The University of Wisconsin Department of Medicine is honored to welcome Lynn M. Schnapp, MD, ATSF, pictured above, as the George R. and Elaine Love Professor and its ninth chair.
Dr. Schnapp joined the department on March 1, 2020, after serving as a professor and chief of the Division of Pulmonary, Critical Care, Allergy and Sleep Medicine at the Medical University of South Carolina.
A pulmonologist and leading researcher on lung injury and repair, Dr. Schnapp is also an active leader in mentoring the next generation of physicians and researchers and increasing the representation of women and minorities in medicine.
Learn more about Dr. Schnapp’s vision and interests in the Q&A below.
1. What do you think is most impressive about our department and our broader academic environment?
First and foremost, I’ve been so impressed with the warm and welcoming vibe from everyone I have met. Of course, the excellence and commitment of the department across all of the missions of an academic medical center is an incredible draw. I am excited about being in a college town, with all of the potential collaborative opportunities across the university, and, hopefully, being able to take in a few football games as well!
2. What will ensure our department’s continued future success? What opportunities do you envision for further growth?
I’ve always been passionate about career development and mentorship, so a focus on training the next generation of leaders in research, education, and clinical care is a natural priority of mine. It’s important for the department to be proactive, rather than reactive.
With that goal in mind, I will be reaching out in the first half of the year to our faculty, staff and learners to collectively determine high-priority areas for future growth. This is not a “one and done activity,” but an iterative process that evaluates the success of changes and ensures we are focusing on the endgame: improving the health and wellness of our department and the communities that we serve.
3. What do you find most rewarding about your work?
For me, one of the best rewards of being a leader is being able to derive job satisfaction from the success of others. There is a great term in Yiddish: to “kvell”—to burst with pride—that aptly describes that feeling.
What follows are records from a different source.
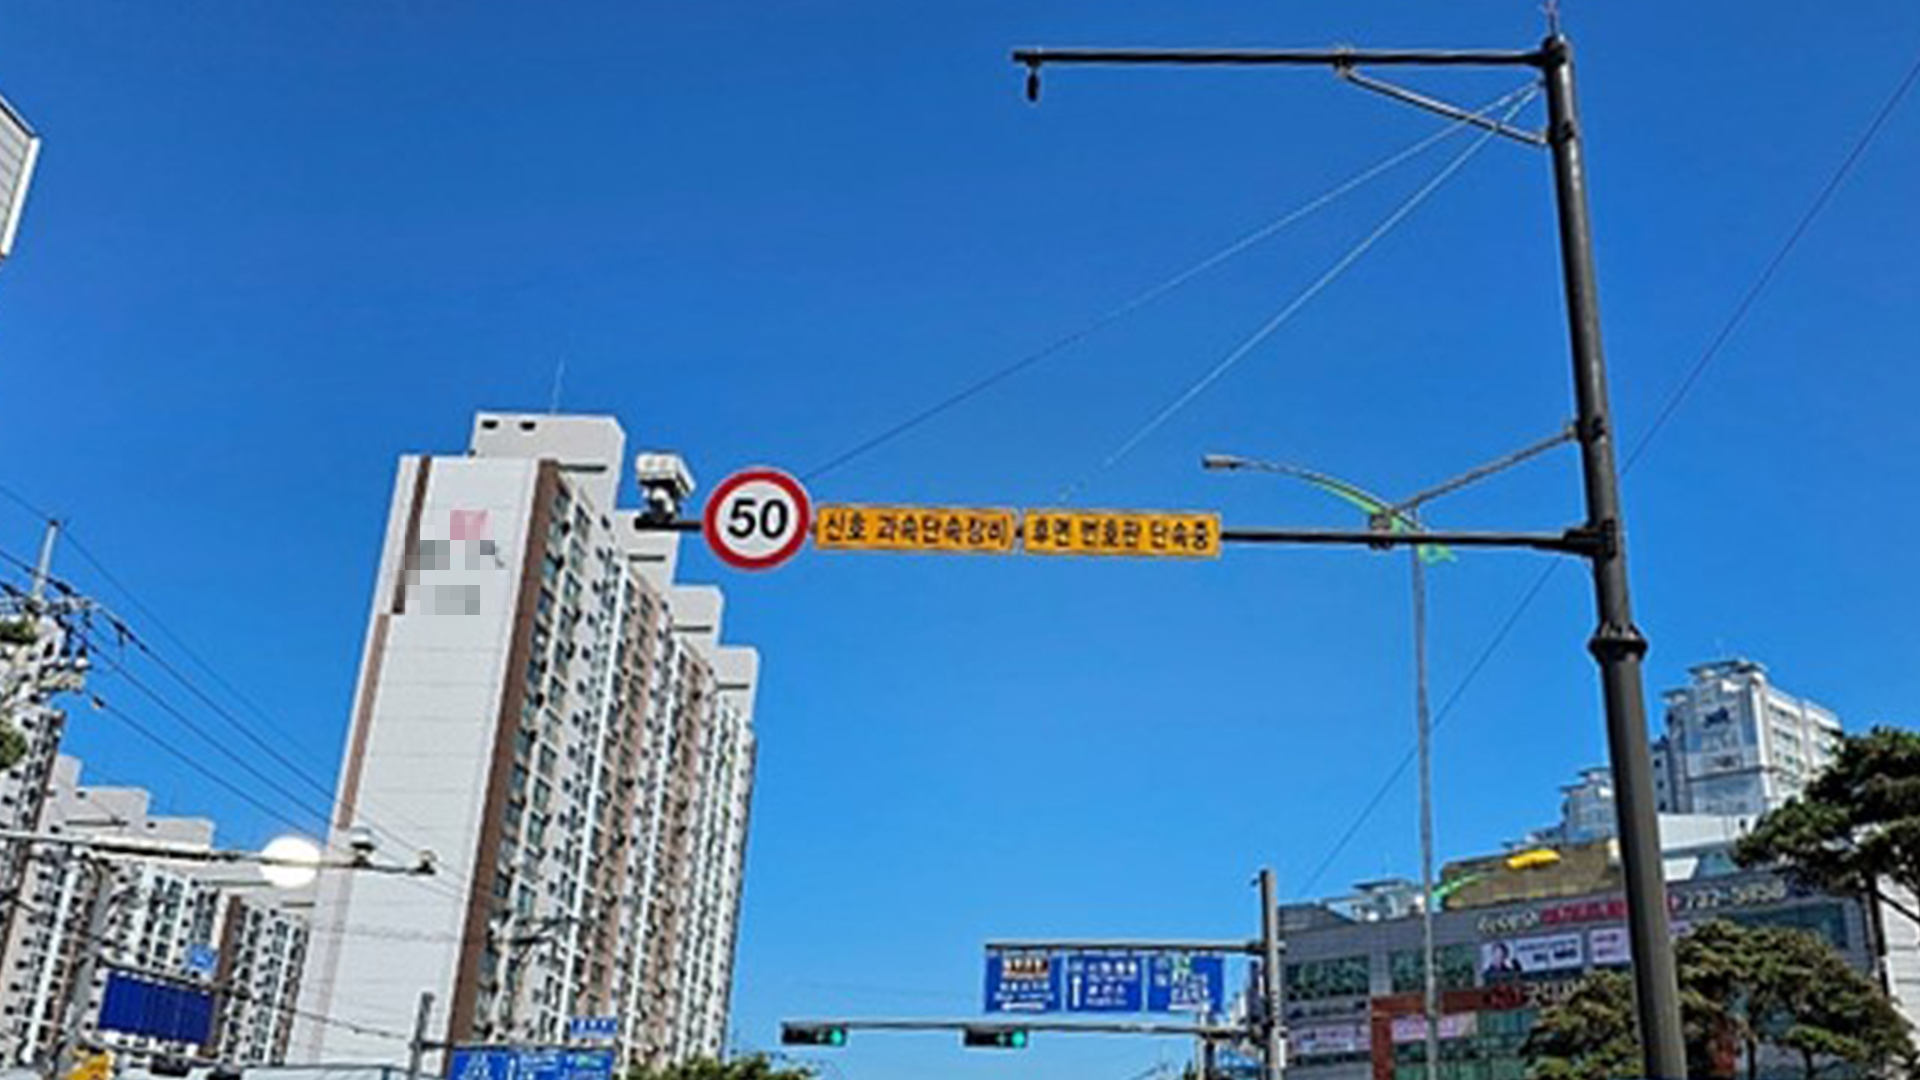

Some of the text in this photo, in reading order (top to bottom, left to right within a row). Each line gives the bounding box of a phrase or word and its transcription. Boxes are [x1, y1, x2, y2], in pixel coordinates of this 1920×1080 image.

[727, 497, 789, 540] 50
[825, 511, 1008, 547] 신호 과속단속장비
[1032, 517, 1208, 551] 후면 번호판 단속중
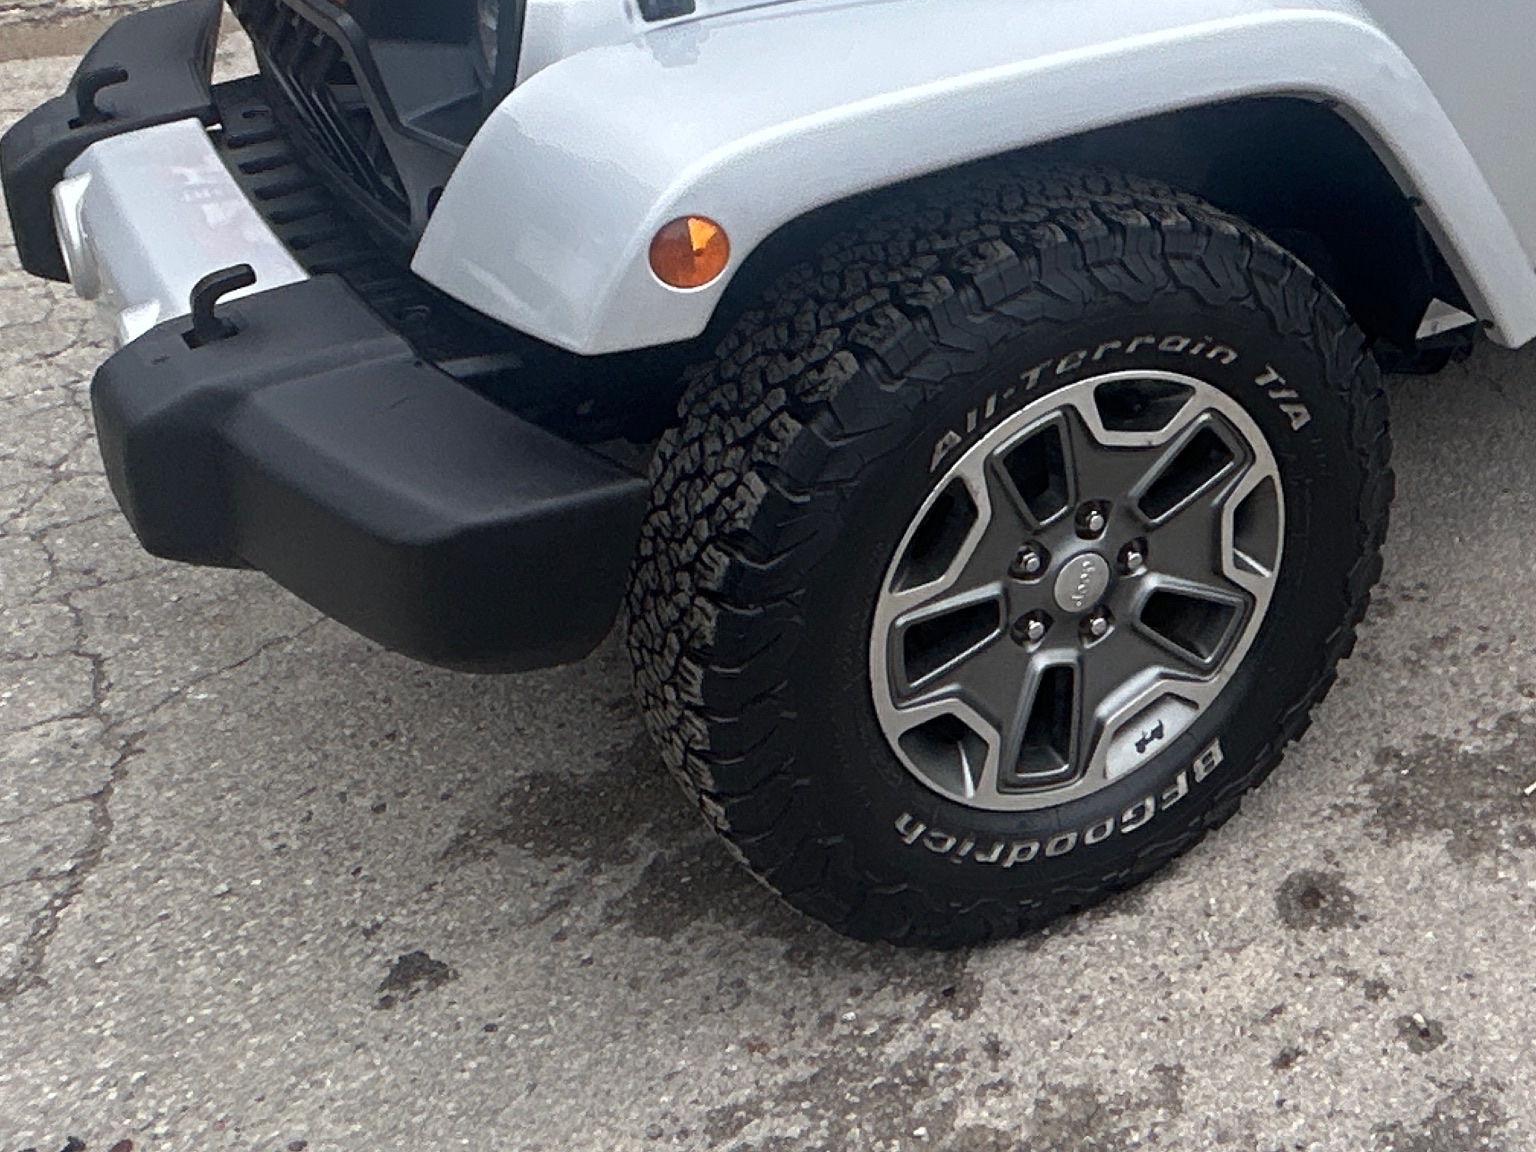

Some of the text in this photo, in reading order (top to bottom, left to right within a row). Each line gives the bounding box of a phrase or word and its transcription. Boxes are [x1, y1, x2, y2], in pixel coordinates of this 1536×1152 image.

[930, 333, 1312, 473] All-Terrain T/A
[893, 737, 1226, 869] BFGoodrich
I first was attracted to pulmonary and critical care medicine because of the medical complexity of critically ill patients. Over the years, I find that I get the most satisfaction from helping families navigate difficult and emotionally distressing situations in the intensive care unit.
As a researcher, there is nothing more satisfying than an experiment that works, especially when you can repeat it! As an educator, I love sparking curiosity and excitement amongst learners. All in all, having an impact, whether it is as a clinician, educator, researcher or leader, is what motivates me.
4. What are you most looking forward to about living in Madison?
I think a big shopping spree is in my future, as I suspect my Charleston wardrobe will be woefully inadequate for Madison weather.
As motivation to keep me running, I’ve registered for the Crazylegs Classic and the Madison mini-marathon. I’m looking for other runners to join me—the slower the better! The good news is I will be able to use some of my gear from the Antarctica Marathon (pictured) here!